### Problem description
The pictures are to be dropped, and the records below are to be restated word for word.
======== Source information ========
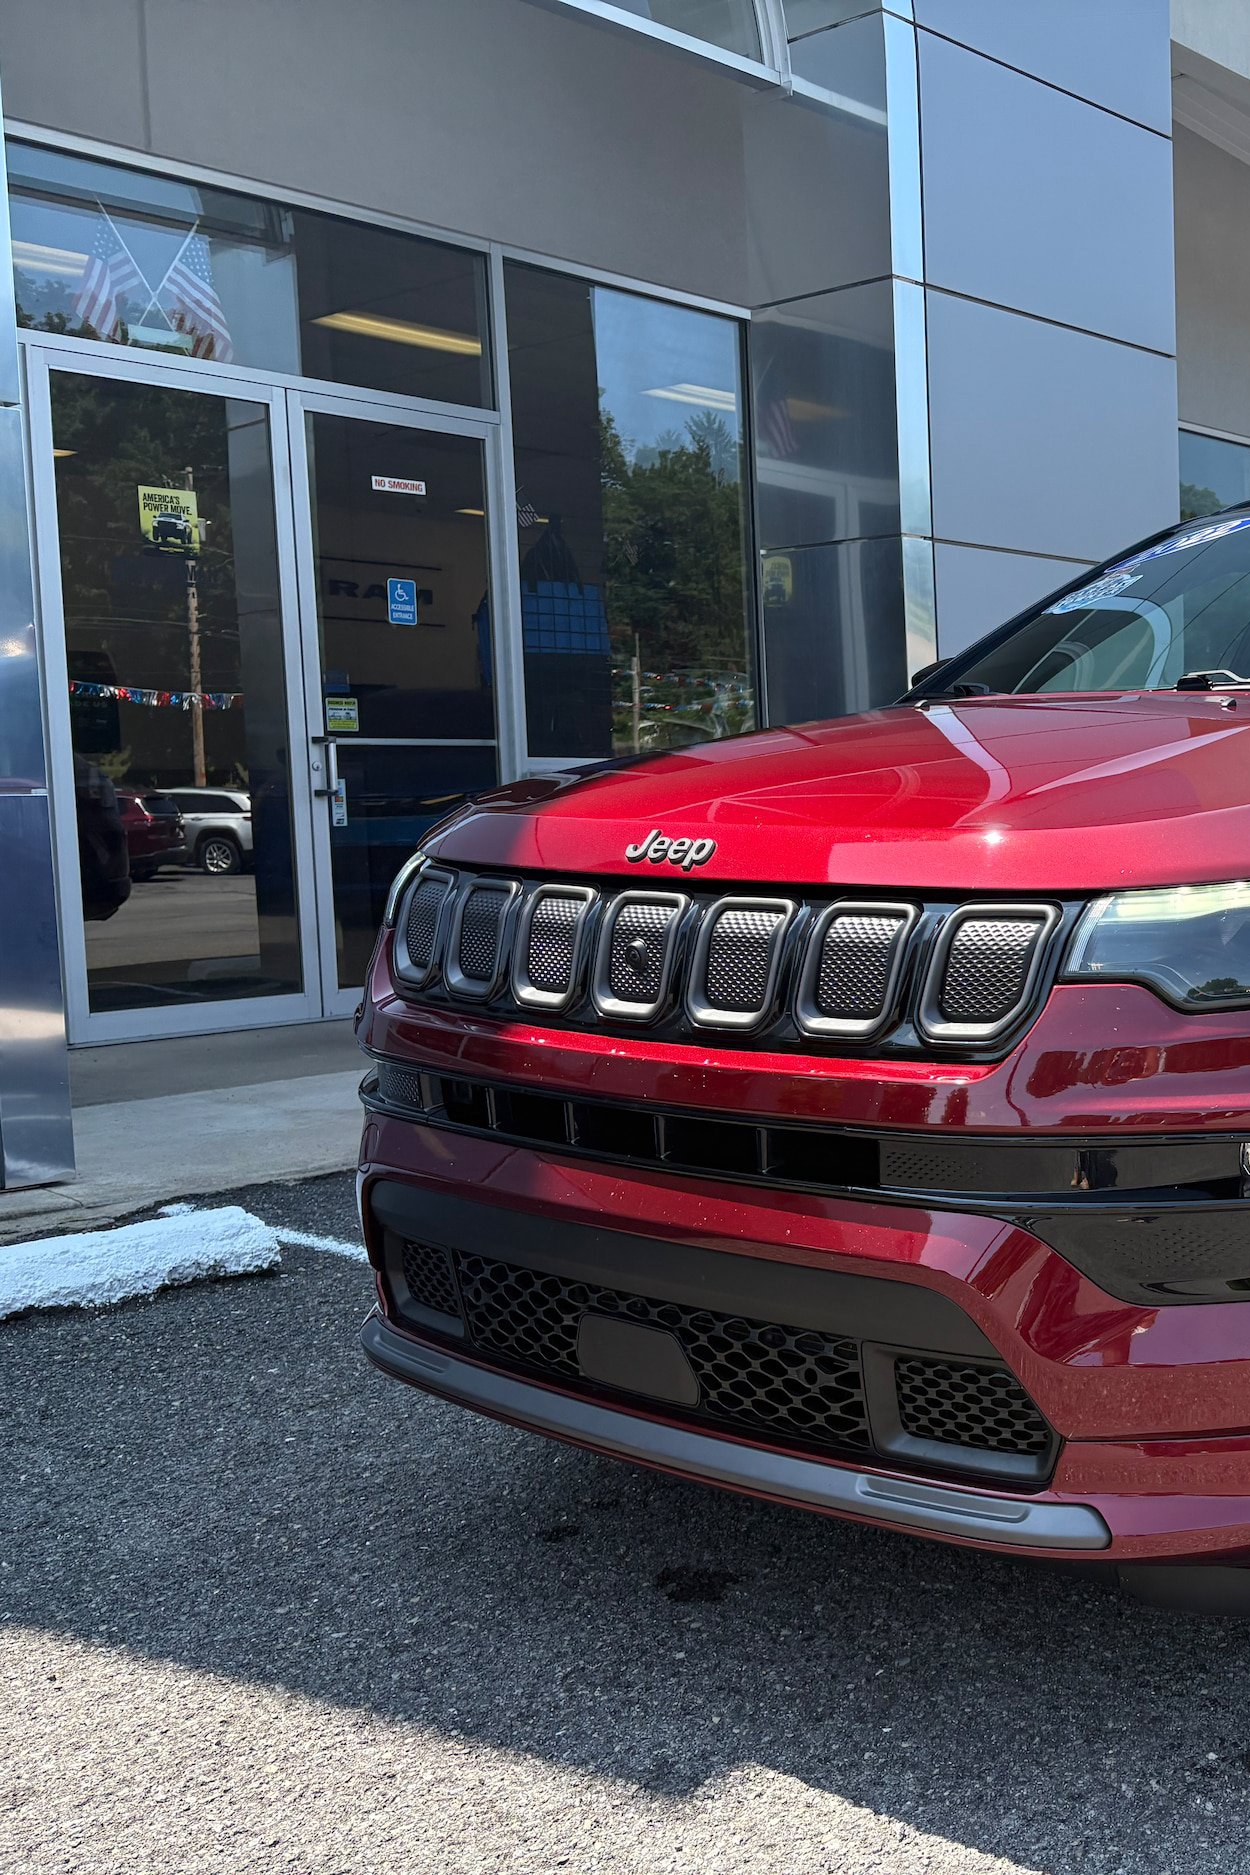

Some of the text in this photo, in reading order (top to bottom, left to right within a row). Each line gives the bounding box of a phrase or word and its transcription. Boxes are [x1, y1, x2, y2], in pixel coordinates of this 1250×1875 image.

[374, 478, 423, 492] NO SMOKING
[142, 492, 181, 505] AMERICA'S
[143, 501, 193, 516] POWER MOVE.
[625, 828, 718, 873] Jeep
========
### Worked solution
Some of the text in this photo, in reading order (top to bottom, left to right within a row). Each line gives the bounding box of a phrase or word and its transcription. Boxes are [x1, y1, x2, y2], in pixel coordinates of this 1250×1875 image.

[374, 478, 423, 492] NO SMOKING
[142, 492, 181, 505] AMERICA'S
[143, 501, 193, 516] POWER MOVE.
[625, 828, 718, 873] Jeep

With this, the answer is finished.